Repeat the listing below in full, exactly.

* **Supplied information**
•••
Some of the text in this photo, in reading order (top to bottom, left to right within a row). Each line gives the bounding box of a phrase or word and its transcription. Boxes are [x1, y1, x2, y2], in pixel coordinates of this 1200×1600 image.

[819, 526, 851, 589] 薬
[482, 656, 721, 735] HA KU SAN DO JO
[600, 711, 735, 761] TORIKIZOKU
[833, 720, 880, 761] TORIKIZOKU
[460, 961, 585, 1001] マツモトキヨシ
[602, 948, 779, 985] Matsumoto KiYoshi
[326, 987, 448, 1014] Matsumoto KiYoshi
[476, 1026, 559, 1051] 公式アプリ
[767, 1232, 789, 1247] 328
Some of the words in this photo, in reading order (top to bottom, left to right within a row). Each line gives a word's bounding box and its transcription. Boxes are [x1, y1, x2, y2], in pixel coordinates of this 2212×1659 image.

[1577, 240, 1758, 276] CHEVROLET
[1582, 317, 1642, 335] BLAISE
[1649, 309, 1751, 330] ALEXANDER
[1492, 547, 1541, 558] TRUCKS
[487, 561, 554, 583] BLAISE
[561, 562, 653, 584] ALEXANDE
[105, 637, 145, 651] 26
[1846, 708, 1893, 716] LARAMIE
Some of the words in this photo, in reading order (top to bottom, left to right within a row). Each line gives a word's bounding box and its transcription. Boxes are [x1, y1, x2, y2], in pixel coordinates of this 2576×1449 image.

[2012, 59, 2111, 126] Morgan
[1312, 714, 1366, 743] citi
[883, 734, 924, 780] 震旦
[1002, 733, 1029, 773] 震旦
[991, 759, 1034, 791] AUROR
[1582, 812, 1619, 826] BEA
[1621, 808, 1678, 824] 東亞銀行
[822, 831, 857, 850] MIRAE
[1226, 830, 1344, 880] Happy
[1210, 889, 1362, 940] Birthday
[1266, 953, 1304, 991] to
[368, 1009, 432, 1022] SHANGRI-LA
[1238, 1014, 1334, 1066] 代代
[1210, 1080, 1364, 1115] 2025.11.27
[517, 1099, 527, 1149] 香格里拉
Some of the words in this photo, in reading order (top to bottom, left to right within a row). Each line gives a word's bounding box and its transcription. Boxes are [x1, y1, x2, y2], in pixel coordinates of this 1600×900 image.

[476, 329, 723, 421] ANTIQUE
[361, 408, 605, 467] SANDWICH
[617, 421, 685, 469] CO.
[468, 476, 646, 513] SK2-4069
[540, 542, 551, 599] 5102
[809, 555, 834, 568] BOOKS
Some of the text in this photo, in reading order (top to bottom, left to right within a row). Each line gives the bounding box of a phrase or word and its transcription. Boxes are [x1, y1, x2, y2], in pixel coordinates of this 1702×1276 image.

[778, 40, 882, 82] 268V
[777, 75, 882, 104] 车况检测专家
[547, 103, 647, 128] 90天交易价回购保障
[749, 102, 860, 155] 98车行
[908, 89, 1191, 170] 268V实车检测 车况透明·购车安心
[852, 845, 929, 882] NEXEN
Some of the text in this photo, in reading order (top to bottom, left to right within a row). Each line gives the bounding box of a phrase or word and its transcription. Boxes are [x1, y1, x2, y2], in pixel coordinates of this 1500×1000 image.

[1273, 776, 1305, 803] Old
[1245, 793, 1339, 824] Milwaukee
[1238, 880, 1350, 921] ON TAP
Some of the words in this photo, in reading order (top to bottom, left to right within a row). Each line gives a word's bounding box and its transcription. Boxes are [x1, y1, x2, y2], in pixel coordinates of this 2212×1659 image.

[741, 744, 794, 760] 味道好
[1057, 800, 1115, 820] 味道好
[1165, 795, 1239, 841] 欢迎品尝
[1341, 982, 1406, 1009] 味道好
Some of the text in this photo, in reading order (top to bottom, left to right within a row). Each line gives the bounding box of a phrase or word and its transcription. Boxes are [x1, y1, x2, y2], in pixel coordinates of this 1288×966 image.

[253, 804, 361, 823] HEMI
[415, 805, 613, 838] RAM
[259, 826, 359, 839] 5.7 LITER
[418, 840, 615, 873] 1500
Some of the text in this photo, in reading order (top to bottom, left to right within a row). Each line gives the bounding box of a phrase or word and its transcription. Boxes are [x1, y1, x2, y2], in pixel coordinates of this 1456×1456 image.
•••
* **Expected answer**
Some of the text in this photo, in reading order (top to bottom, left to right within a row). Each line gives the bounding box of a phrase or word and its transcription. Boxes are [x1, y1, x2, y2], in pixel coordinates of this 1200×1600 image.

[819, 526, 851, 589] 薬
[482, 656, 721, 735] HA KU SAN DO JO
[600, 711, 735, 761] TORIKIZOKU
[833, 720, 880, 761] TORIKIZOKU
[460, 961, 585, 1001] マツモトキヨシ
[602, 948, 779, 985] Matsumoto KiYoshi
[326, 987, 448, 1014] Matsumoto KiYoshi
[476, 1026, 559, 1051] 公式アプリ
[767, 1232, 789, 1247] 328
Some of the words in this photo, in reading order (top to bottom, left to right within a row). Each line gives a word's bounding box and its transcription. Boxes are [x1, y1, x2, y2], in pixel coordinates of this 2212×1659 image.

[1577, 240, 1758, 276] CHEVROLET
[1582, 317, 1642, 335] BLAISE
[1649, 309, 1751, 330] ALEXANDER
[1492, 547, 1541, 558] TRUCKS
[487, 561, 554, 583] BLAISE
[561, 562, 653, 584] ALEXANDE
[105, 637, 145, 651] 26
[1846, 708, 1893, 716] LARAMIE
Some of the words in this photo, in reading order (top to bottom, left to right within a row). Each line gives a word's bounding box and its transcription. Boxes are [x1, y1, x2, y2], in pixel coordinates of this 2576×1449 image.

[2012, 59, 2111, 126] Morgan
[1312, 714, 1366, 743] citi
[883, 734, 924, 780] 震旦
[1002, 733, 1029, 773] 震旦
[991, 759, 1034, 791] AUROR
[1582, 812, 1619, 826] BEA
[1621, 808, 1678, 824] 東亞銀行
[822, 831, 857, 850] MIRAE
[1226, 830, 1344, 880] Happy
[1210, 889, 1362, 940] Birthday
[1266, 953, 1304, 991] to
[368, 1009, 432, 1022] SHANGRI-LA
[1238, 1014, 1334, 1066] 代代
[1210, 1080, 1364, 1115] 2025.11.27
[517, 1099, 527, 1149] 香格里拉
Some of the words in this photo, in reading order (top to bottom, left to right within a row). Each line gives a word's bounding box and its transcription. Boxes are [x1, y1, x2, y2], in pixel coordinates of this 1600×900 image.

[476, 329, 723, 421] ANTIQUE
[361, 408, 605, 467] SANDWICH
[617, 421, 685, 469] CO.
[468, 476, 646, 513] SK2-4069
[540, 542, 551, 599] 5102
[809, 555, 834, 568] BOOKS
Some of the text in this photo, in reading order (top to bottom, left to right within a row). Each line gives the bounding box of a phrase or word and its transcription. Boxes are [x1, y1, x2, y2], in pixel coordinates of this 1702×1276 image.

[778, 40, 882, 82] 268V
[777, 75, 882, 104] 车况检测专家
[547, 103, 647, 128] 90天交易价回购保障
[749, 102, 860, 155] 98车行
[908, 89, 1191, 170] 268V实车检测 车况透明·购车安心
[852, 845, 929, 882] NEXEN
Some of the text in this photo, in reading order (top to bottom, left to right within a row). Each line gives the bounding box of a phrase or word and its transcription. Boxes are [x1, y1, x2, y2], in pixel coordinates of this 1500×1000 image.

[1273, 776, 1305, 803] Old
[1245, 793, 1339, 824] Milwaukee
[1238, 880, 1350, 921] ON TAP
Some of the words in this photo, in reading order (top to bottom, left to right within a row). Each line gives a word's bounding box and its transcription. Boxes are [x1, y1, x2, y2], in pixel coordinates of this 2212×1659 image.

[741, 744, 794, 760] 味道好
[1057, 800, 1115, 820] 味道好
[1165, 795, 1239, 841] 欢迎品尝
[1341, 982, 1406, 1009] 味道好
Some of the text in this photo, in reading order (top to bottom, left to right within a row). Each line gives the bounding box of a phrase or word and its transcription. Boxes are [x1, y1, x2, y2], in pixel coordinates of this 1288×966 image.

[253, 804, 361, 823] HEMI
[415, 805, 613, 838] RAM
[259, 826, 359, 839] 5.7 LITER
[418, 840, 615, 873] 1500
Some of the text in this photo, in reading order (top to bottom, left to right within a row). Each line gives the bounding box of a phrase or word and its transcription. Boxes are [x1, y1, x2, y2], in pixel coordinates of this 1456×1456 image.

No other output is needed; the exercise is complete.